Starting from the line that contains "this 1366×1080 image.", output every remaining line of the records below exactly as it appears, that line and the last one included.

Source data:
• • • •

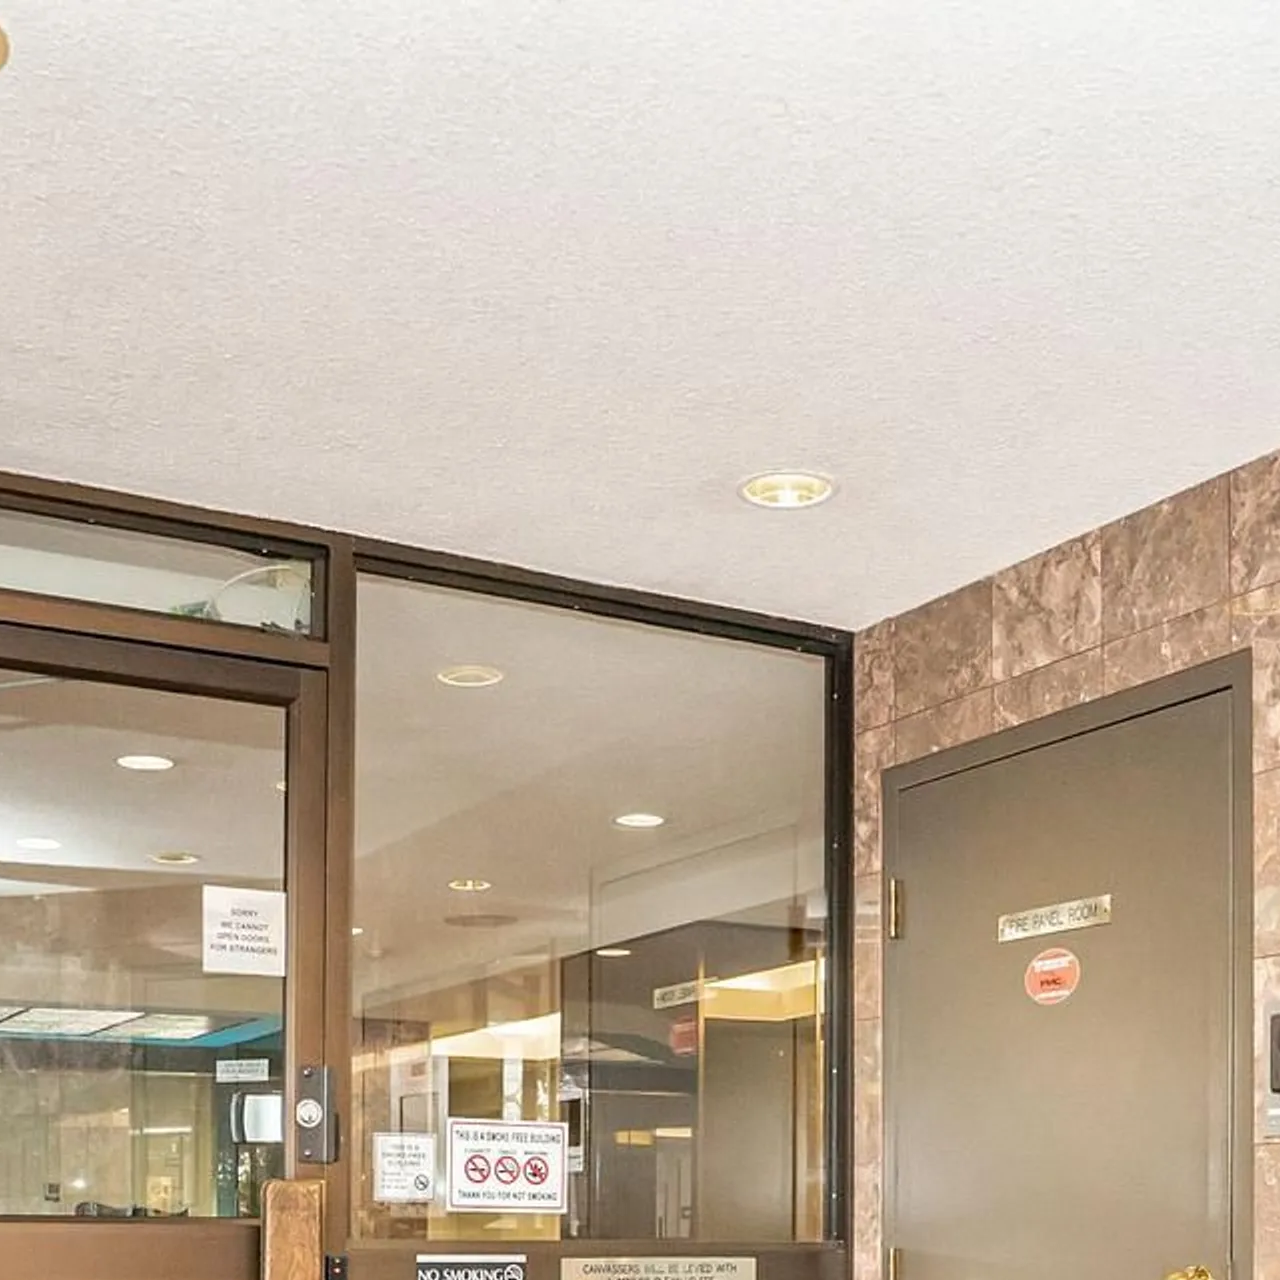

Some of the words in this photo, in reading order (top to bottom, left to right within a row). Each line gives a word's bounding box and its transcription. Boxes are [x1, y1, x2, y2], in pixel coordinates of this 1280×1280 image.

[1032, 910, 1064, 928] PANEL
[1068, 902, 1098, 924] ROOM
[235, 922, 269, 932] CANNOT
[216, 932, 239, 942] OPEN
[240, 934, 269, 944] DOORS
[229, 944, 278, 956] STRANGERS
[511, 1132, 528, 1144] FREE
[530, 1133, 561, 1145] BUILDING
[528, 1191, 558, 1202] SMOKING
[582, 1263, 641, 1275] CANVASSERS
[716, 1262, 738, 1273] WITH
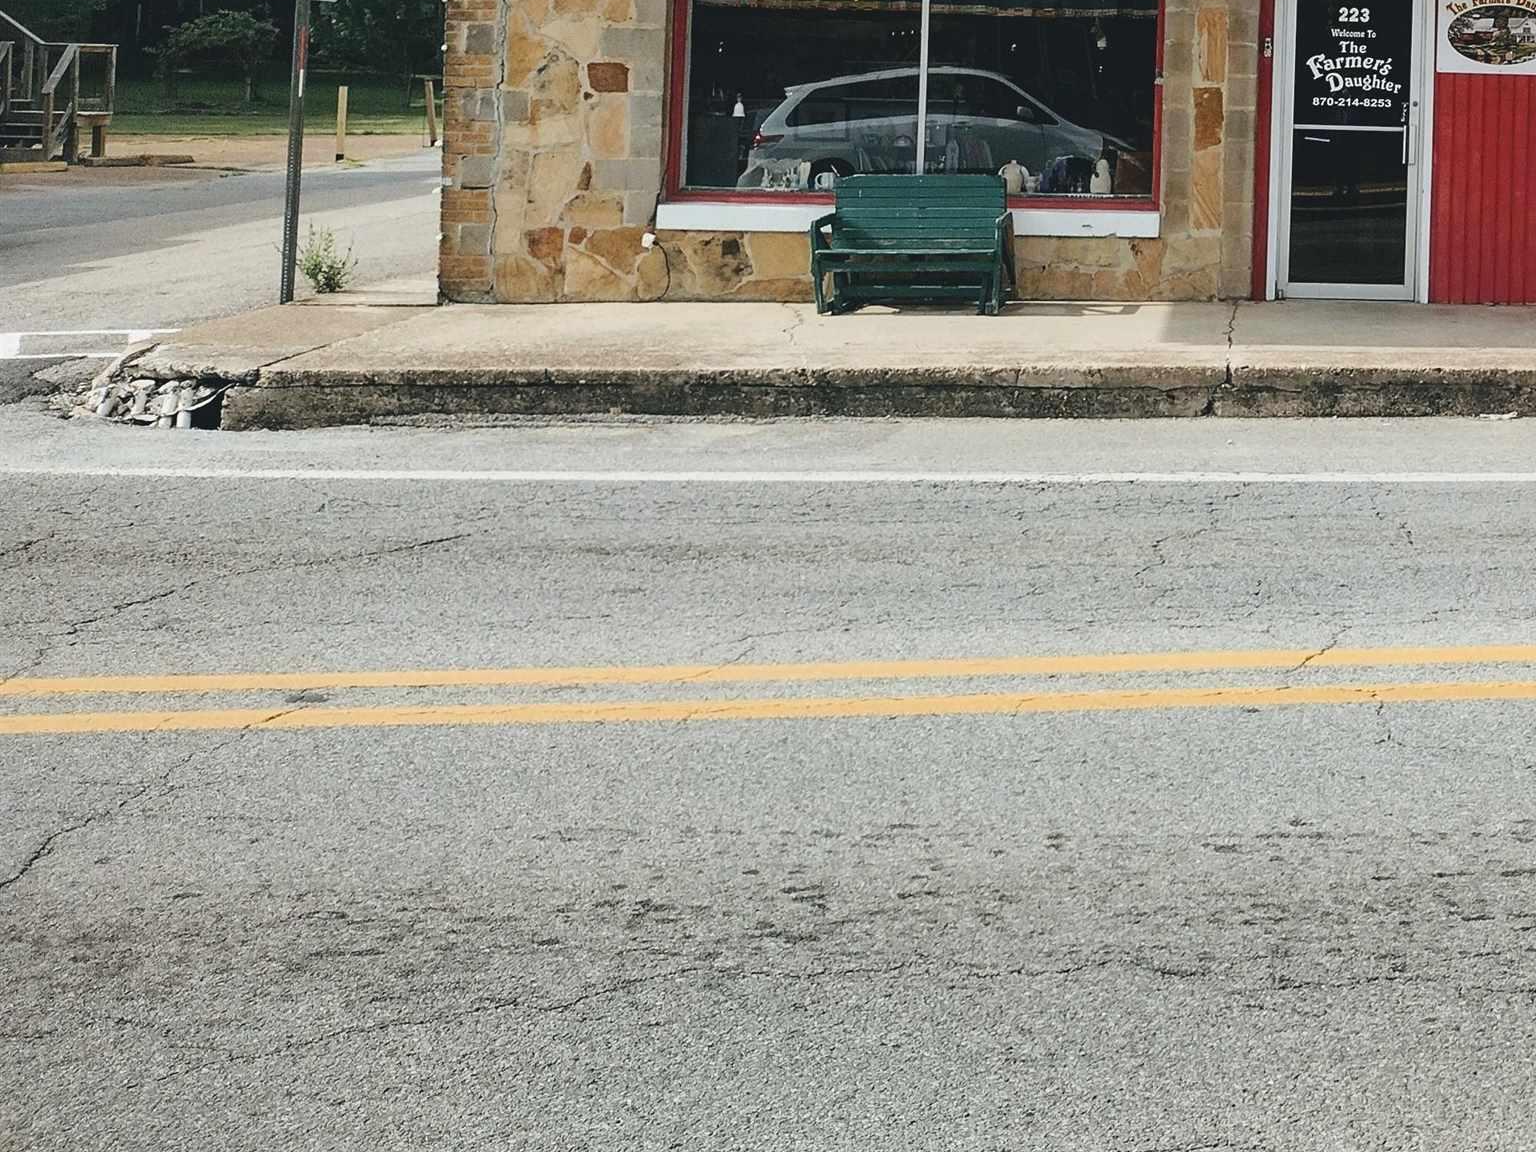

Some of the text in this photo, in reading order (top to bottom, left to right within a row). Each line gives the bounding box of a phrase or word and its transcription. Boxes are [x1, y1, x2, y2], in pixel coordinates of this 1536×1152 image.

[1338, 7, 1370, 23] 223
[1446, 1, 1468, 15] The
[1331, 28, 1376, 38] Welcome To
[1339, 41, 1367, 54] The
[1306, 53, 1393, 80] Farmer's
[1325, 72, 1402, 94] Daughter
[1312, 97, 1392, 108] 870-214-8253
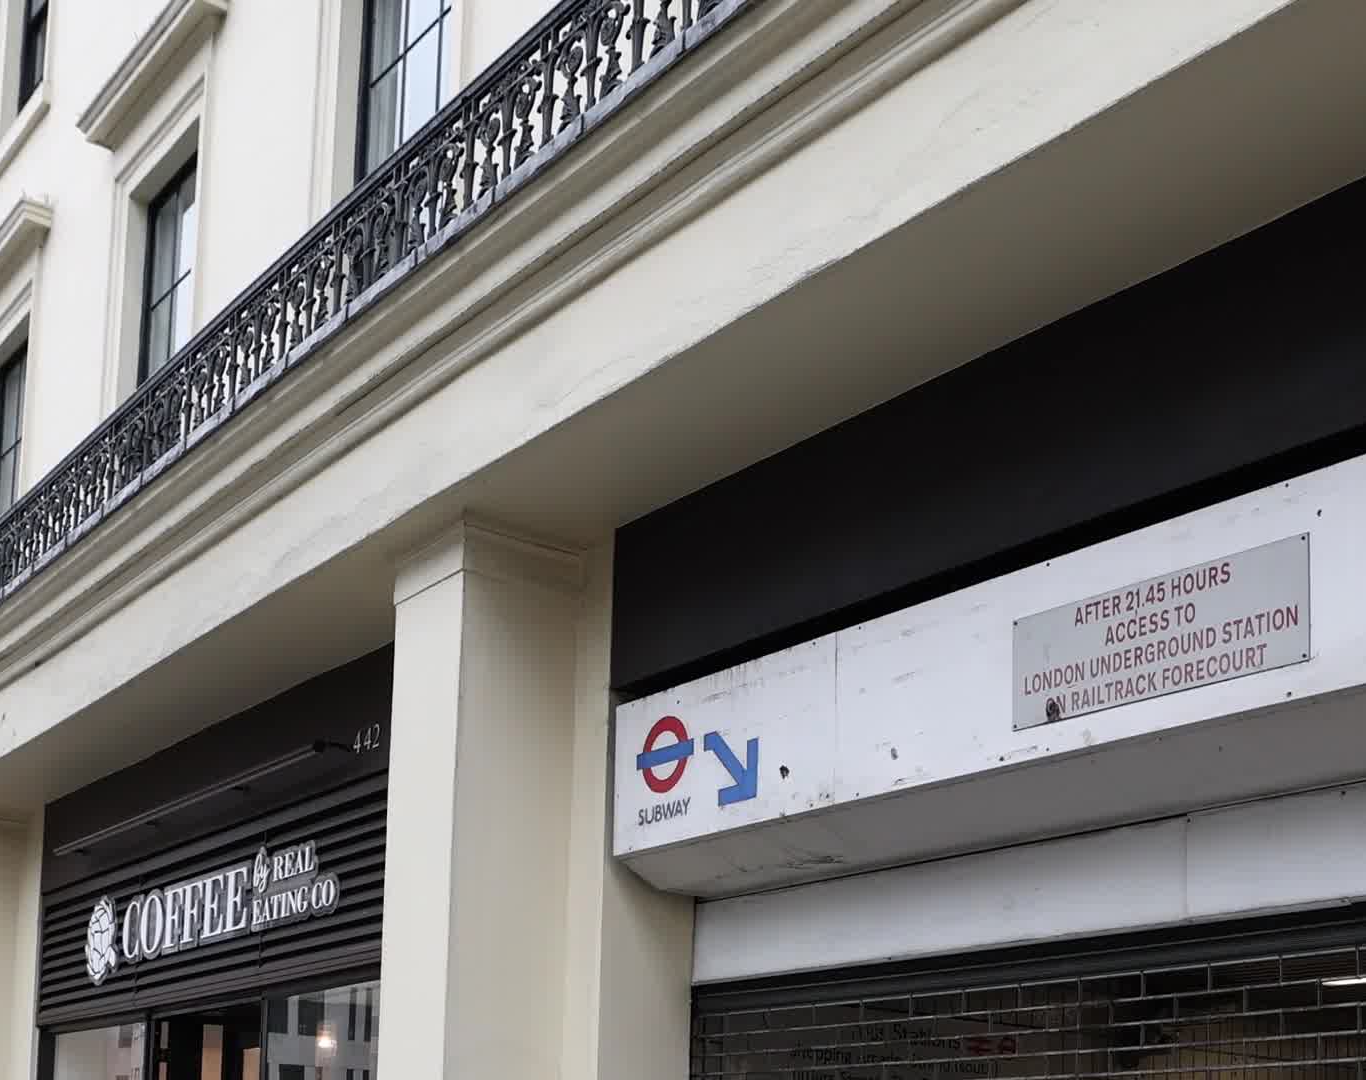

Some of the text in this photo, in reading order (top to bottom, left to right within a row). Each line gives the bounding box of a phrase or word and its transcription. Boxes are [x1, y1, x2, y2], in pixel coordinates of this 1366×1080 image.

[1074, 562, 1231, 627] AFTER 21.45 HOURS
[1024, 604, 1299, 696] LONDON UNDERGROUND STATION
[1105, 602, 1196, 646] ACCESS TO
[1071, 674, 1157, 712] RAILTRACK
[1162, 643, 1268, 690] FORECOURT
[353, 723, 380, 754] 442
[638, 796, 691, 826] SUBWAY
[122, 846, 316, 960] COFFEE by REAL
[252, 879, 336, 926] EATING CO

• • • •

Task response:
Some of the text in this photo, in reading order (top to bottom, left to right within a row). Each line gives the bounding box of a phrase or word and its transcription. Boxes are [x1, y1, x2, y2], in pixel coordinates of this 1366×1080 image.

[1074, 562, 1231, 627] AFTER 21.45 HOURS
[1024, 604, 1299, 696] LONDON UNDERGROUND STATION
[1105, 602, 1196, 646] ACCESS TO
[1071, 674, 1157, 712] RAILTRACK
[1162, 643, 1268, 690] FORECOURT
[353, 723, 380, 754] 442
[638, 796, 691, 826] SUBWAY
[122, 846, 316, 960] COFFEE by REAL
[252, 879, 336, 926] EATING CO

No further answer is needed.